Aug 4, 2018 | 2:12 PM

TORONTO — Felix Auger-Aliassime took one glance at the Rogers Cup men’s doubles draw and smiled.

The 17-year-old seemed a lot more excited than nervous about facing a former World No. 1 in the first round. 

Auger-Aliassime and fellow Canadian Denis Shapovalov, teaming up this week for the Rogers Cup doubles tournament, open play against Serbia’s Novak Djokovic, who’s fresh off his fourth Wimbledon title, and South Africa’s Kevin Anderson — Djokovic’s opponent from that Grand Slam final.

“It’s fun, it’s exciting,” Auger-Aliassime said as another smile flashed across his face.

“Playing a Grand Slam winner and finalist in Toronto, I think it’s going to be really fun. Doubles has a different atmosphere, you don’t have the whole pressure on yourself because you’re teaming up with a partner. But getting a chance to play Djokovic is pretty unbelievable.

“I think I’m going to be very motivated.”

Auger-Aliassime, who figures to be the next big name in Canadian men’s tennis, will also play France’s Lucas Pouille in the first round of the men’s singles draw, which begins Monday at Toronto’s Aviva Centre.

It will be his second appearance at a Rogers Cup after he lost his first qualifying match in Toronto in 2016. 

“There’s obviously nerves but I think (they are) good nerves. It’s exciting.
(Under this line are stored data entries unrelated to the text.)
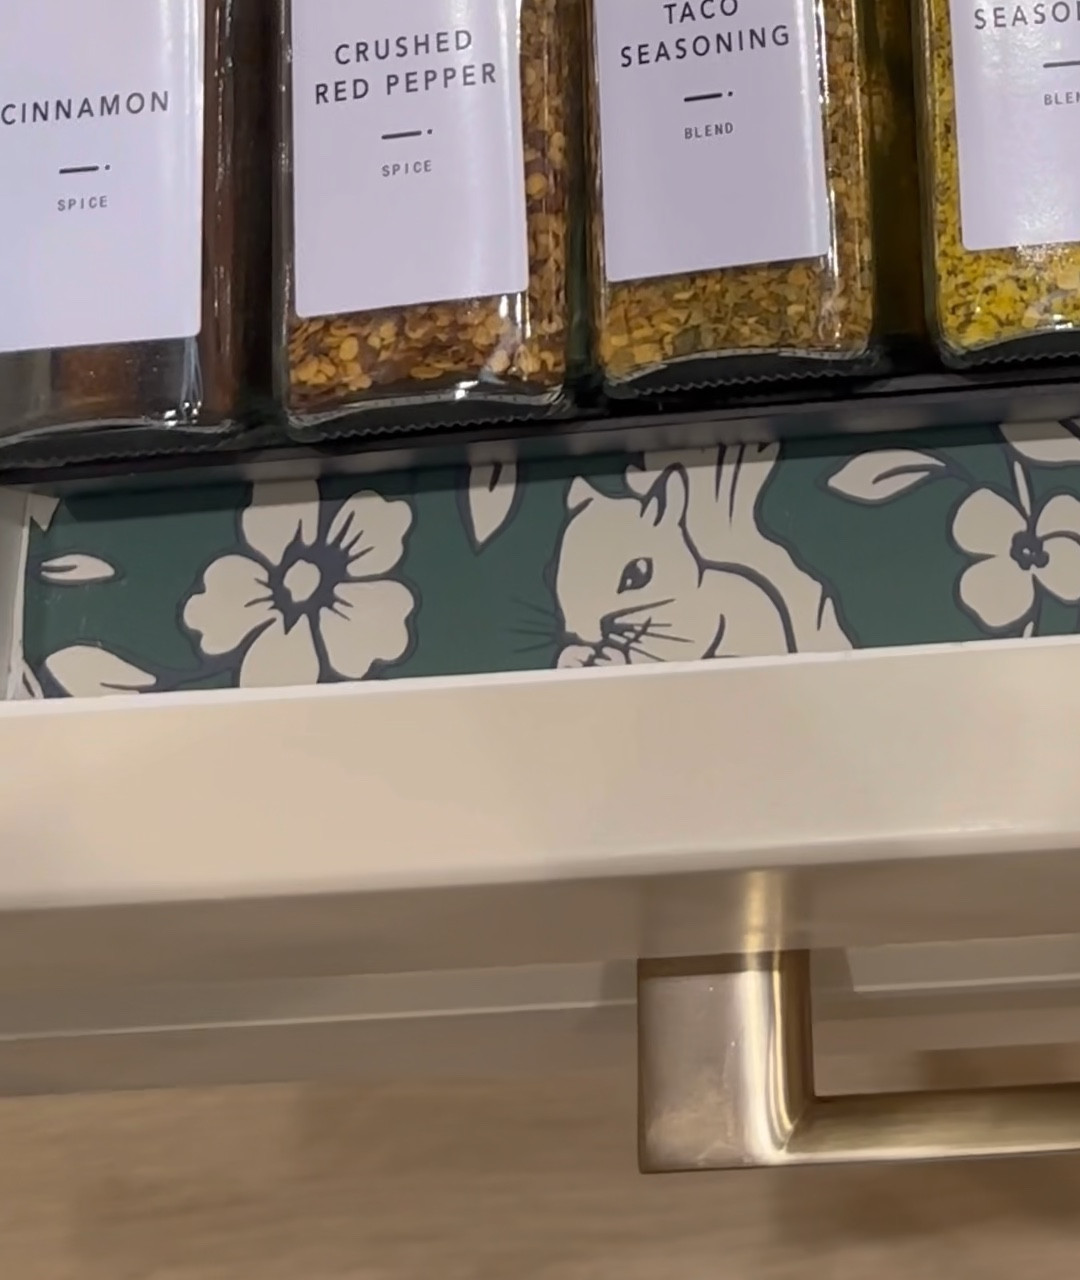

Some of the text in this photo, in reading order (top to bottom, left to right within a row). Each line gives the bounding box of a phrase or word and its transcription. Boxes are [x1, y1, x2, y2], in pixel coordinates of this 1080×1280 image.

[334, 29, 472, 66] CRUSHED
[620, 24, 790, 68] SEASONING
[315, 61, 497, 105] RED PEPPER
[0, 90, 169, 126] CINNAMON
[684, 121, 734, 140] BLEND
[381, 159, 432, 178] SPICE
[57, 194, 108, 212] SPICE
It’s all positive,” Auger-Aliassime told The Canadian Press on Saturday. “I’m having a chance to play in a main draw here in the tournament I’ve always wanted to compete in.

“I think I’m going to put the negative nerves aside and focus on my tennis game and what I can do well to play my best tennis here.”
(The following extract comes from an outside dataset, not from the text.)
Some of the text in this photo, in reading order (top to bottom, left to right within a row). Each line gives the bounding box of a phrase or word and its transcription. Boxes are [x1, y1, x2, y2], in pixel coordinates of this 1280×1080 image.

The Montreal native received a wild card to the 2017 Rogers Cup in his hometown, but was forced to withdraw with a wrist injury weeks before the tournament started.

Instead, it was his good friend Shapovalov — who stayed with Auger-Aliassime over the course of the week-long event in Montreal last summer — who rose to prominence with a stellar performance that included a second-round win over Juan Martin del Potro and a third-round victory over Rafael Nadal.

Shapovalov, from Richmond Hill, Ont., began the 2017 tournament ranked 143rd in the world and jumped to 67 the following week. The 19-year-old heads into this year’s Rogers Cup ranked 26th. 

“Obviously for Denis I was very happy for him,” Auger-Aliassime said. “It was exciting, it was great tennis, good matches, and also I had a feeling that he could do something that week because he was really playing well leading up to it. … Then he reached the Round of 16 at the U.S. Open and that was even more impressive in my eyes.

“It was disappointing not to play that week (at the Rogers Cup) because I had an opportunity to play in Montreal, my hometown, but I had to wait another year and it wasn’t a big deal. I’m here.”

The 134th-ranked Auger-Aliassime is a wild-card entry at this year’s Rogers Cup. While he’s mainly played in Challenger events — a rank below the ATP World Tour — he also has found some success in limited action against tennis’s bigger names.

He won a qualifier at the prestigious Masters 1000 Indian Wells tournament in California in March and beat Vasek Pospisil of Vancouver (ranked 75th) in the first round before losing to Milos Raonic (38) of Thornhill, Ont., in the second.

Auger-Aliassime is heading into the Rogers Cup on back-to-back second-round appearances in ATP 250 tournaments in Switzerland and Croatia, and he successfully defended a Challenger title in June in Lyon, becoming the youngest player in ATP Challenger Tour history to win back-to-back titles at the same tournament.

The six-foot-three teen counts his Indian Wells victory and Lyon title as highlights of his season. But he’s not prepared to stop there.

“Those were cool moments for me but the season’s not over,” Auger-Aliassime said. “We’ll try to reach higher.”